NEEDS UPDATE: Traffic now flows to HAProxy first and then to NGINX.

 

The Melton Backend would communicate with the front-ends with HTTP/HTTPS protocols. These protocols are reserved to use port 80 and 443 respectively. Since the server might run multiple services that need to be accessible via those ports, we would need an ingress to manage that port and pass on the traffic based on the URL.

The current choice I went with was NGINX, NGINX is a high performance load balancer, SSL termination and Ingress service. It receives a request at its defined ports (80/443) and looks up its own config and decides where to forward the traffic to.

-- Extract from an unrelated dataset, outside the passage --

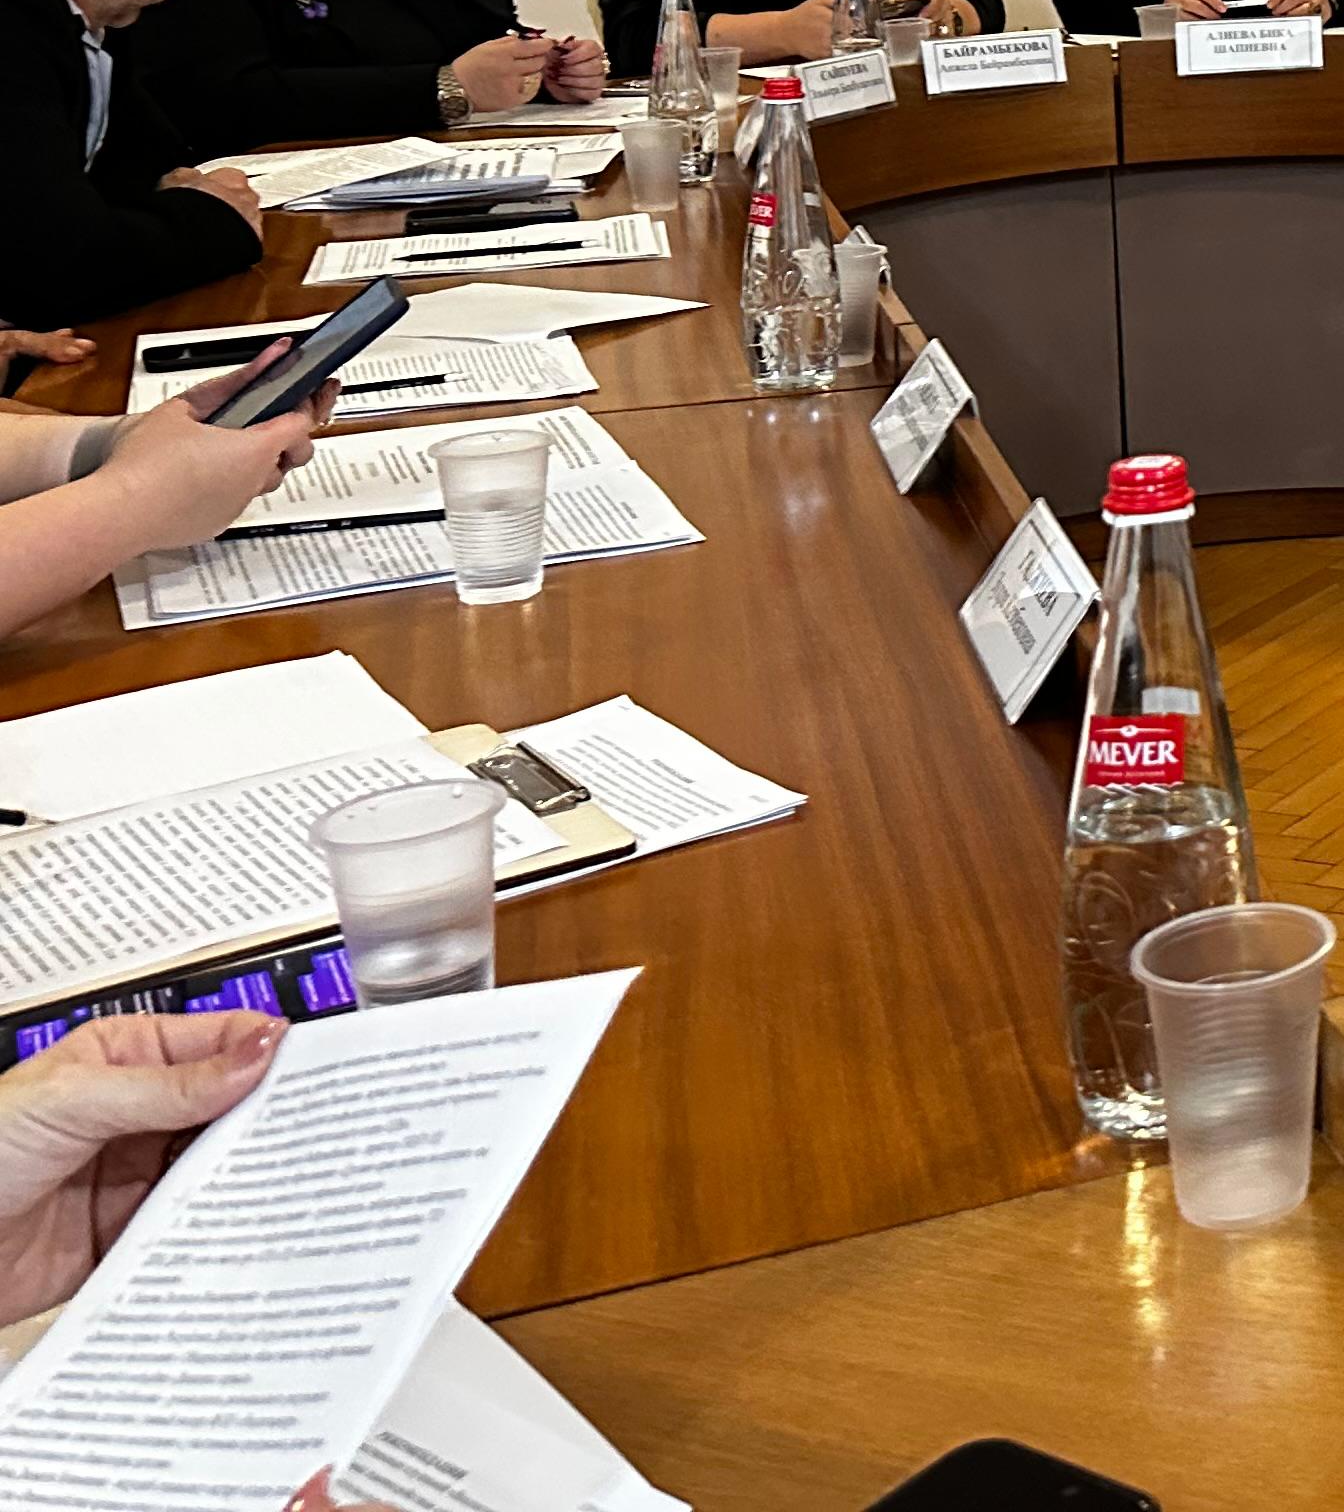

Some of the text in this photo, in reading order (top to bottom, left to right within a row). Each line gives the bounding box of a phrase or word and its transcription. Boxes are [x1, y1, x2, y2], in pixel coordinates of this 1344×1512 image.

[1206, 29, 1257, 42] АЛИЕВА
[943, 40, 1049, 59] БАЙРАМБЕКОВА
[1088, 740, 1179, 766] MEVER
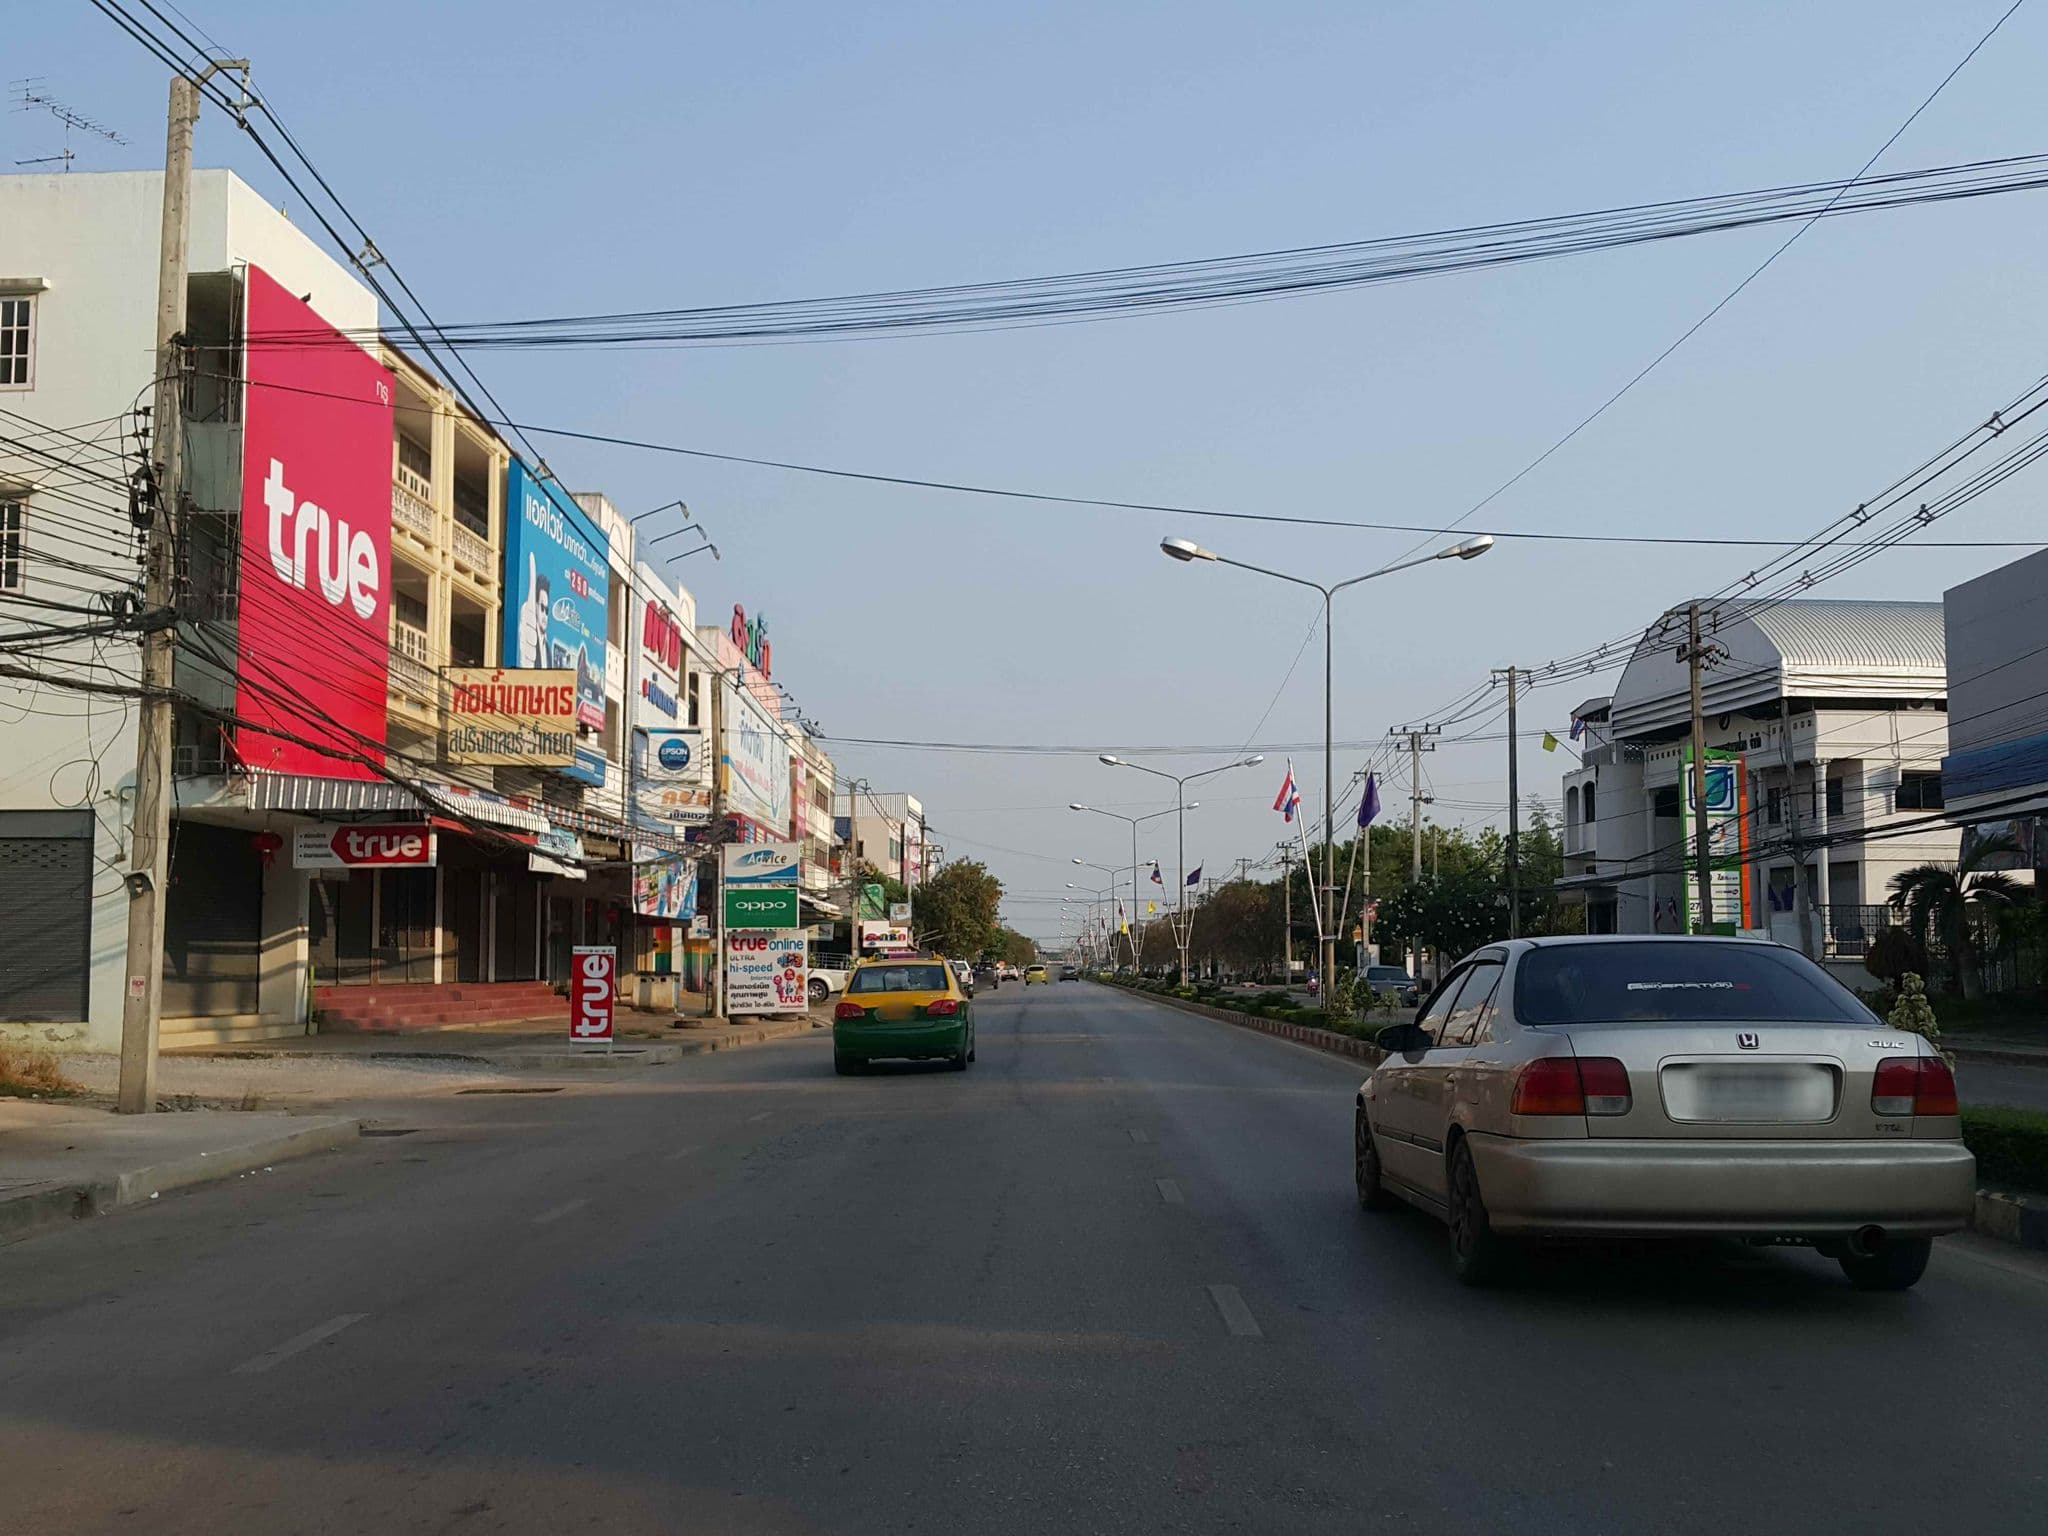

In our scenario, The Melton API listens on port 8080 and has no built in SSL termination - i.e it uses unencrypted communication. Since this is generally a horrible idea, we will terminate SSL with NGINX and pass traffic from NGINX to the Melton API in an unencrypted manner - This isn't too big of a security risk since the unencrypted part happens only inside the confines of the server.

The Melton API also has some static files stored that need to be accessed, these are placed under the /static/ endpoint and mirror the filestructure on the server. A request with this suffix should respond with the corresponding file on the server.

The config block of the NGINX service and the description are as below:

server {
        listen 443; 											# Listens on port 443 - HTTPS
        server_name meltonapp.com;							 	# The URL to check for
        ssl on;													# Defines if NGINX should use SSL
        ssl_certificate /------/fullchain.pem;					# Defines the location of the SSL certificate
        ssl_certificate_key /------/meltonapp.com/privkey.pem;	# Defines the location of the certificate key
        ssl_session_cache shared:SSL:10m;						# Cache location for SSL

        location /static/ {										# If the /static/ endpoint is called, the data from a specific location is served
            root /usr/local/share/staticfiles;					# Location of data to server
        }

        location / {                                            # In all other scenario's it passes on the traffic to the below location
                proxy_pass http://localhost:8000;			    # The port and location the Melton API is accessible from
                proxy_set_header Host $host;				    # Passing on the headers
                proxy_redirect http:// https://; 			    # Defines if a redirect is needed
        }
}

server {													  	# A new server block to redirect HTTP traffic
    listen 80;													# Listens on port 80 - HTTP
    return 301 https://$host$request_uri;						# Respond with a 301 (Redirect) to the HTTPS endpoint
}

To harden the server a bit, ufw is used. UFW is a built in firewall that can be used to block external port access to the server. This can be used to force all traffic to pass through the ingress and use HTTPS.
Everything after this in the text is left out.